**Aim of the task**
Could you output each line below precisely as it stands, without the images?
######
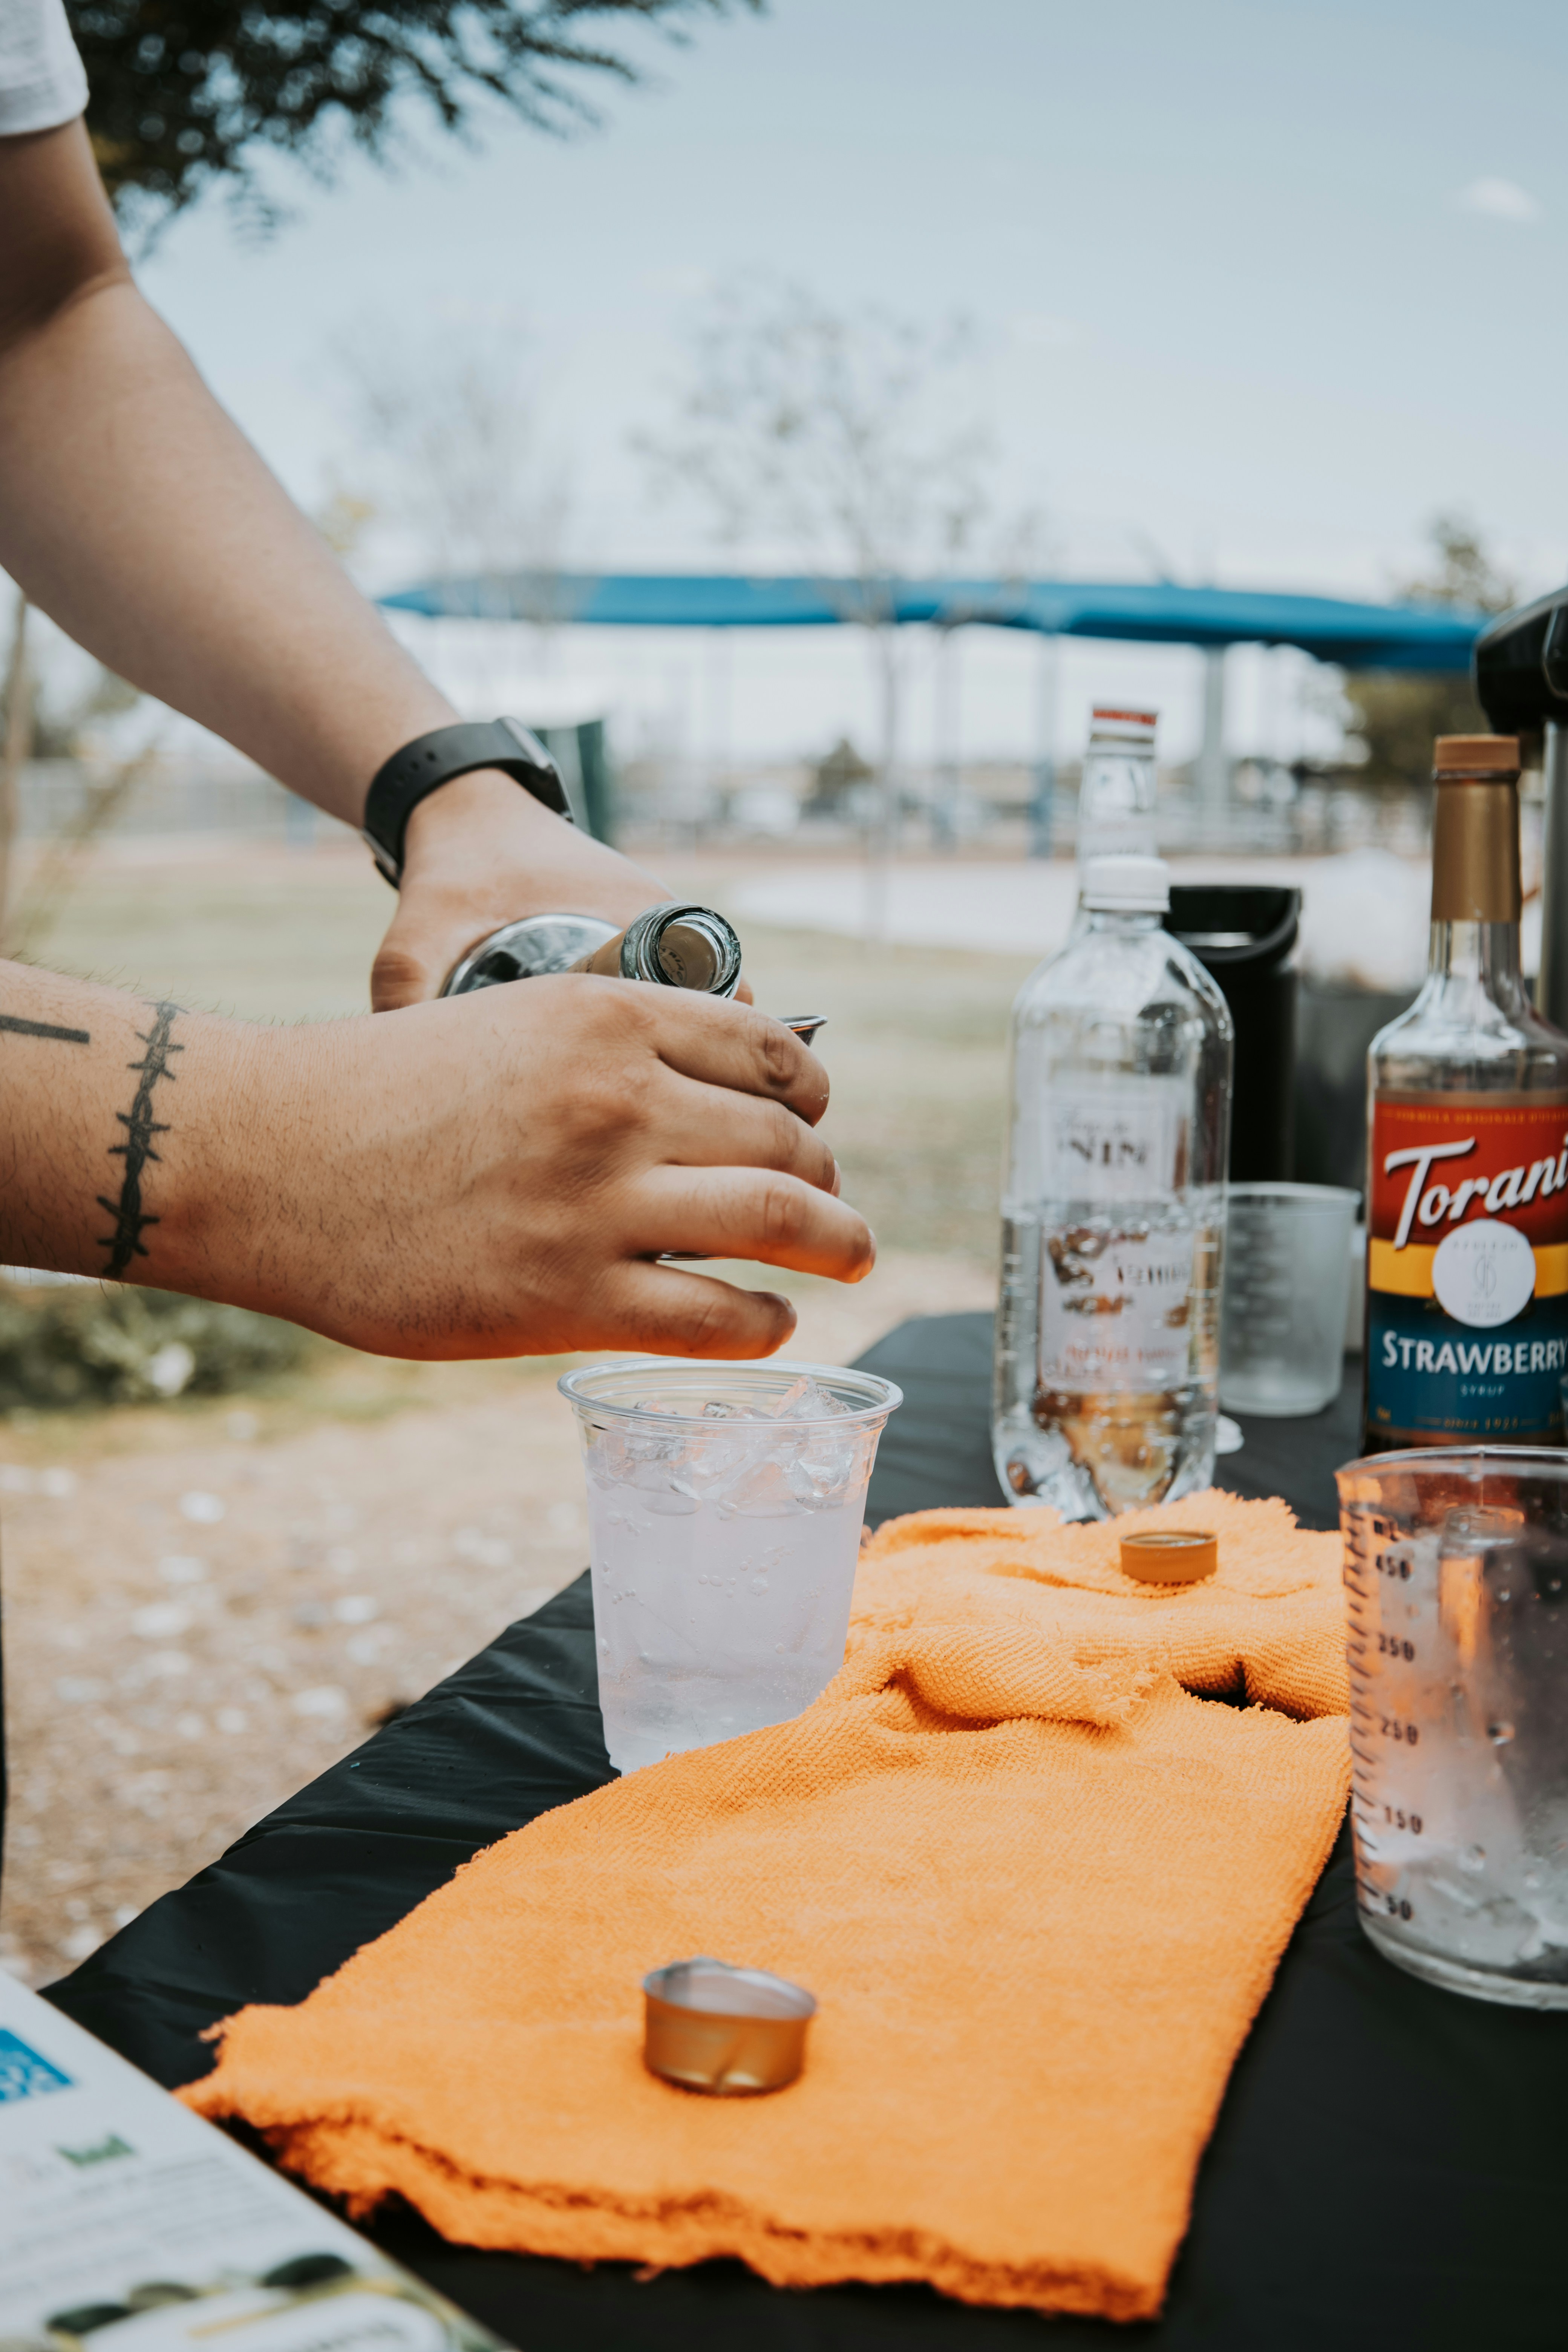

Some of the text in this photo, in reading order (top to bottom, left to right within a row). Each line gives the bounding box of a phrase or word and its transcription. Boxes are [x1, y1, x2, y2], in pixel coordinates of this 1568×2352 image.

[1384, 1135, 1568, 1250] Torani
[1382, 1329, 1568, 1375] STRAWBERRY
[1382, 1715, 1419, 1746] 250
[1385, 1806, 1423, 1835] 150
[1386, 1893, 1413, 1921] 50
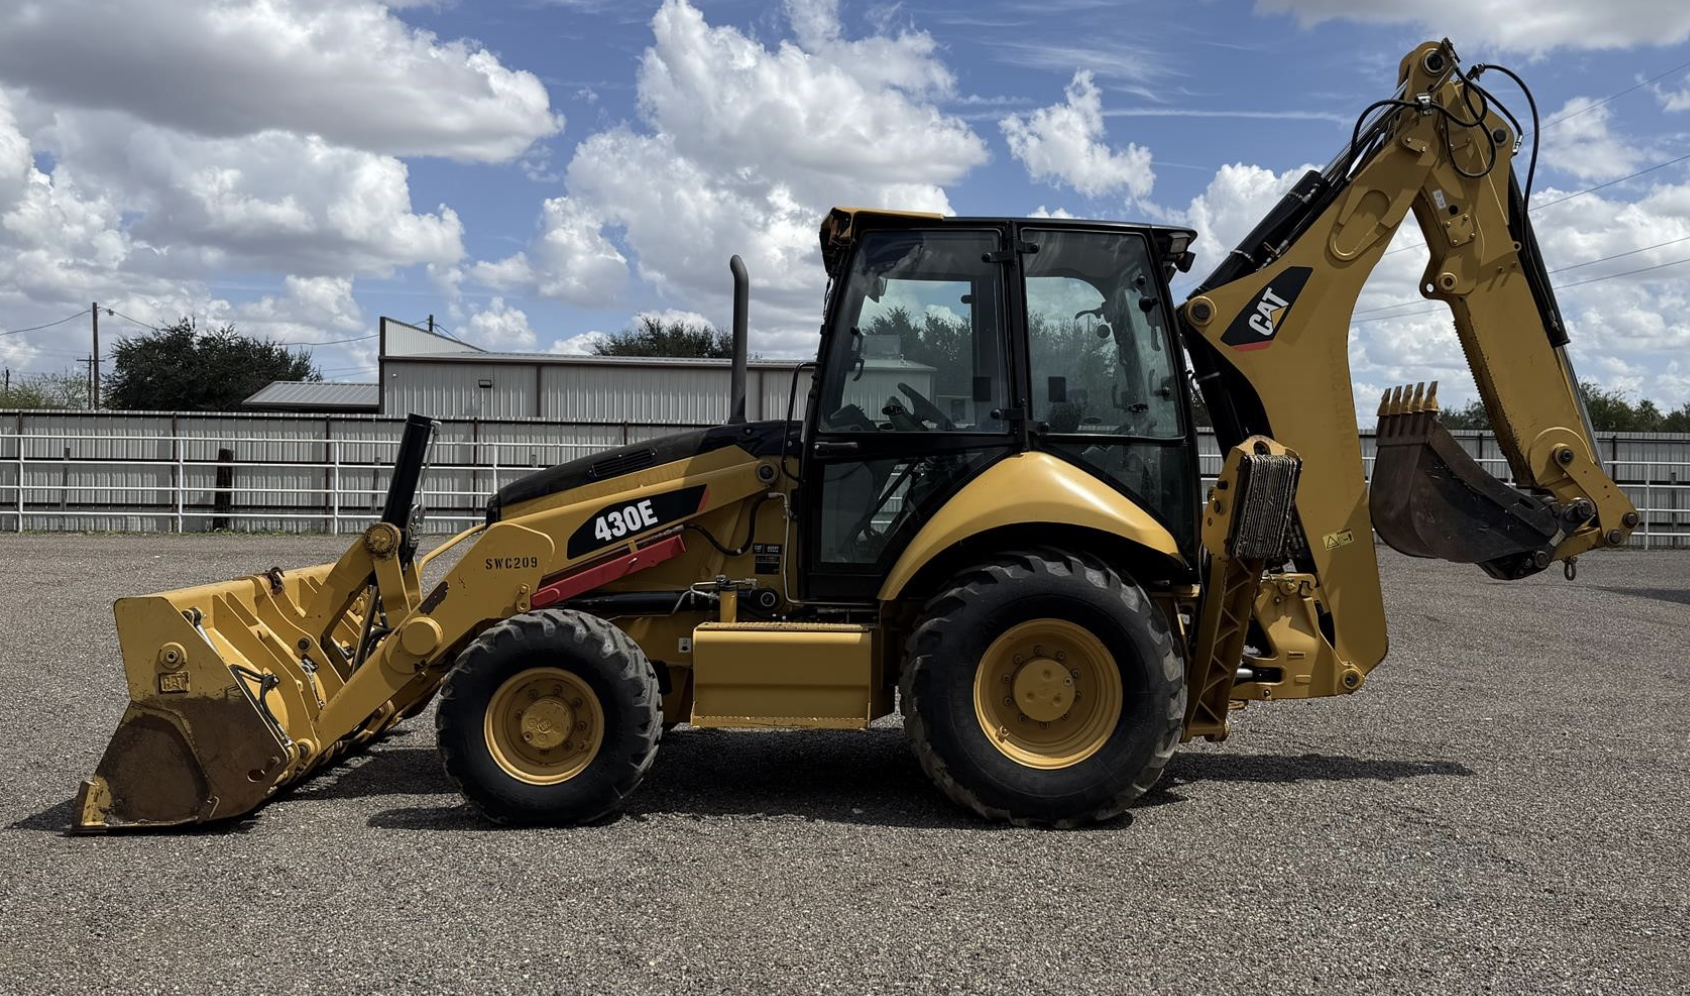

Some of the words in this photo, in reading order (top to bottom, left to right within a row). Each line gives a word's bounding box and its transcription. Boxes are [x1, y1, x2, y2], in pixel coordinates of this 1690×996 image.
######
**Output for this exercise**
Some of the text in this photo, in reading order (top to bottom, left to right within a row). Each line gives the bounding box of a phrase or word and its transcription. Boxes are [x1, y1, x2, y2], in pixel coordinates of this 1568×2352 image.

[1384, 1135, 1568, 1250] Torani
[1382, 1329, 1568, 1375] STRAWBERRY
[1382, 1715, 1419, 1746] 250
[1385, 1806, 1423, 1835] 150
[1386, 1893, 1413, 1921] 50

Some of the words in this photo, in reading order (top to bottom, left to right within a row). Each line gives a word's bounding box and its transcription. Boxes are [x1, y1, x2, y2], in pixel coordinates of this 1690×996 image.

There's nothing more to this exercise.